As a result of the West Asia war pushing crude prices higher and causing a flight to safe havens, benchmark indices, the Sensex and Nifty, plummeted more than 1.2% on March 2.
The BSE Sensex fell 1.29% to 80,238.85, the lowest level in six months, while the Nifty 50 fell 1.24% to a one-month low of 24,865.70. But ahead of a market break due to Holi, markets saw a slight comeback after plunging as much as 2% the day before.
Losses were recorded in 14 of the 16 major industries. The larger mid-caps and small-caps saw 1.8% and 1.6% declines, respectively.
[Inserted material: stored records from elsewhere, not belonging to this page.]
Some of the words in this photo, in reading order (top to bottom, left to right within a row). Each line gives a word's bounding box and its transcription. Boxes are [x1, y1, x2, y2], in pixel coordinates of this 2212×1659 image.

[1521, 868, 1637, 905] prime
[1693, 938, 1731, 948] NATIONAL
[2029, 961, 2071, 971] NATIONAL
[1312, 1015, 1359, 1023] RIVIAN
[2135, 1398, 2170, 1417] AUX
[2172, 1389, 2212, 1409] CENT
Rising crude oil prices caused the stocks of oil marketing firms, paint and tire manufacturers, aviation companies, and chemical manufacturers to plummet. On Monday, the ICE Brent Crude Oil May futures reached a one-month high of $82.37 a barrel. The May Brent Crude Oil Futures were up 8% to $78.71 per barrel.
The U.S. and Israel strikes on Iran increased the likelihood of a protracted battle in the Middle East, which caused the Indian rupee to weaken against the dollar and government bond yields to increase. MSCI’s measure of Asia-Pacific stocks dropped 1.5% on Monday, while Asian currencies declined 0.2% to 0.6%. At 97.9, the dollar index was down 0.2%.
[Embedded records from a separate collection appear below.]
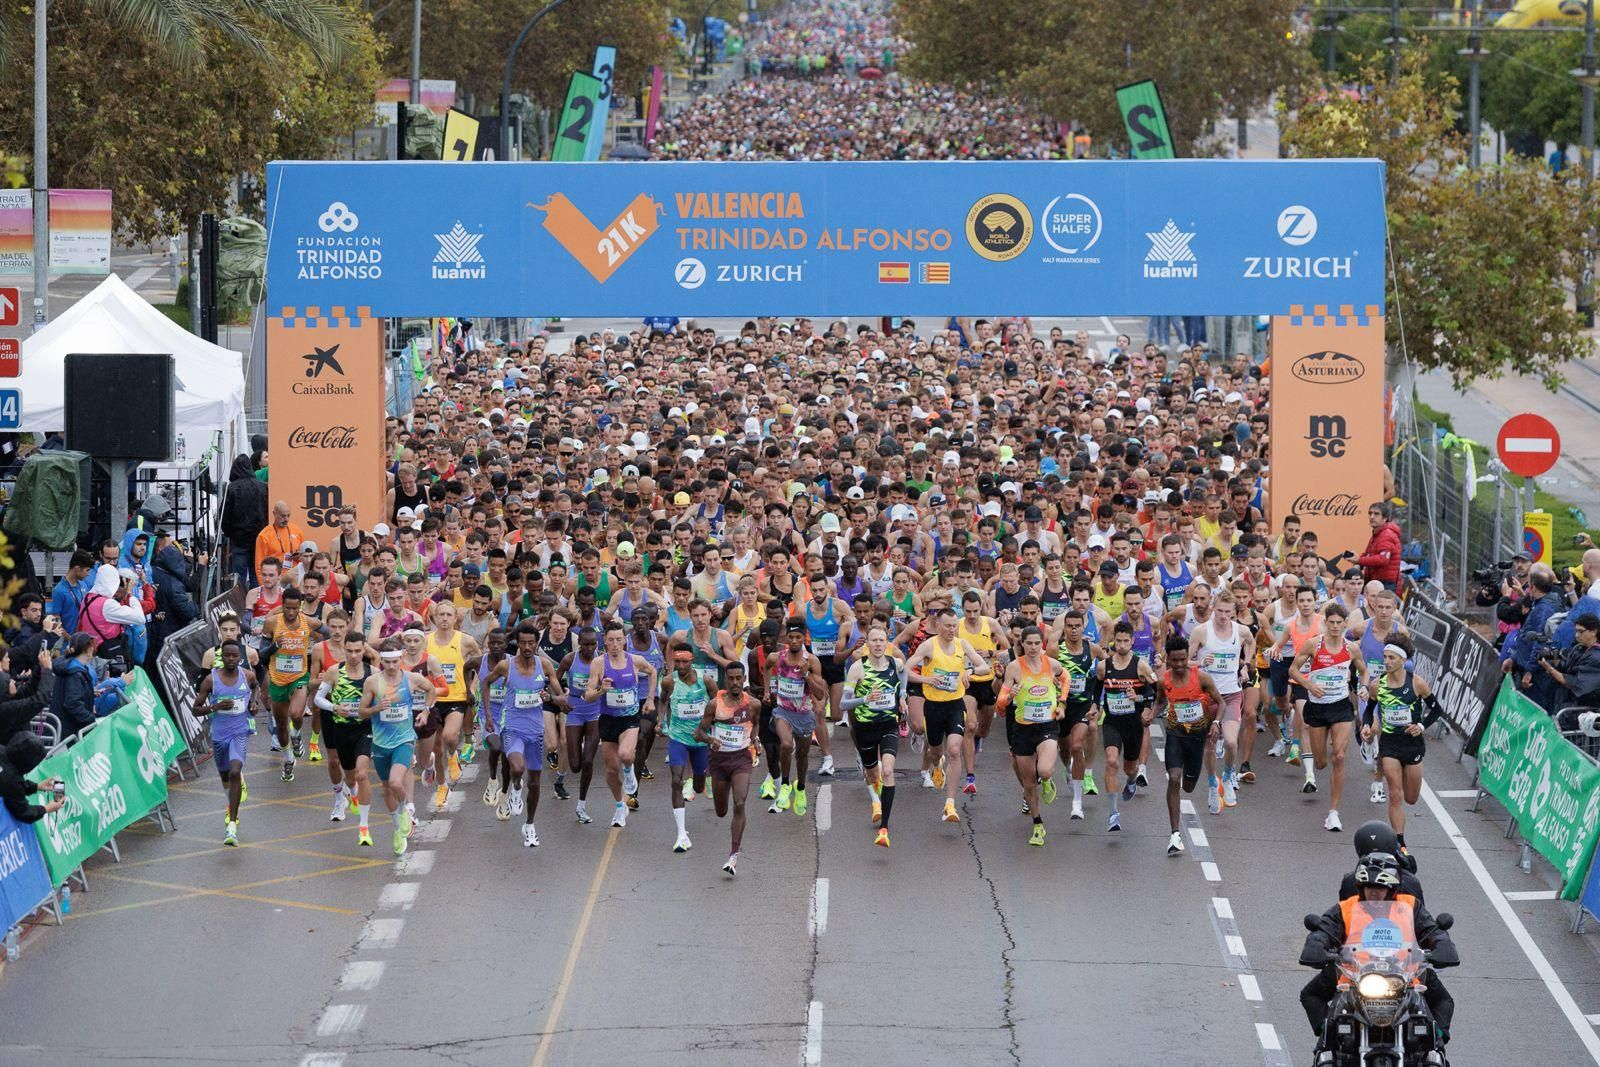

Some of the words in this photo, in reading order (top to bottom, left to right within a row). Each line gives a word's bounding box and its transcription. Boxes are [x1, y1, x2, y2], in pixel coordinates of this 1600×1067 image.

[597, 63, 612, 100] 3
[561, 95, 594, 142] 2
[675, 192, 804, 219] VALENCIA
[1053, 213, 1092, 224] SUPER
[1052, 224, 1091, 234] HALFS
[297, 236, 382, 247] FUNDACIÓN
[597, 210, 647, 268] 21K
[676, 227, 808, 251] TRINIDAD
[816, 228, 952, 252] ALFONSO
[297, 250, 382, 264] TRINIDAD
[297, 265, 382, 280] ALFONSO
[432, 264, 486, 280] luanvi
[717, 265, 802, 282] ZURICH
[1143, 263, 1198, 279] luanvi
[1243, 256, 1352, 279] ZURICH
[1298, 363, 1359, 376] ASTURIANA
[292, 382, 354, 395] CaixaBank
[288, 426, 359, 449] Coca-Cola
[1291, 493, 1361, 517] Coca-Cola
On Friday, February 27, foreign investors (FIIs/FPIs) sold Rs 7,536.4 crore worth of Indian stocks. At the same time, provisional exchange data shows that domestic institutional investors (DIIs) net purchased shares valued at Rs 12,292.8 crore. The volatility index, India VIX, increased by more than 25% to reach a nine-month high of 17.13.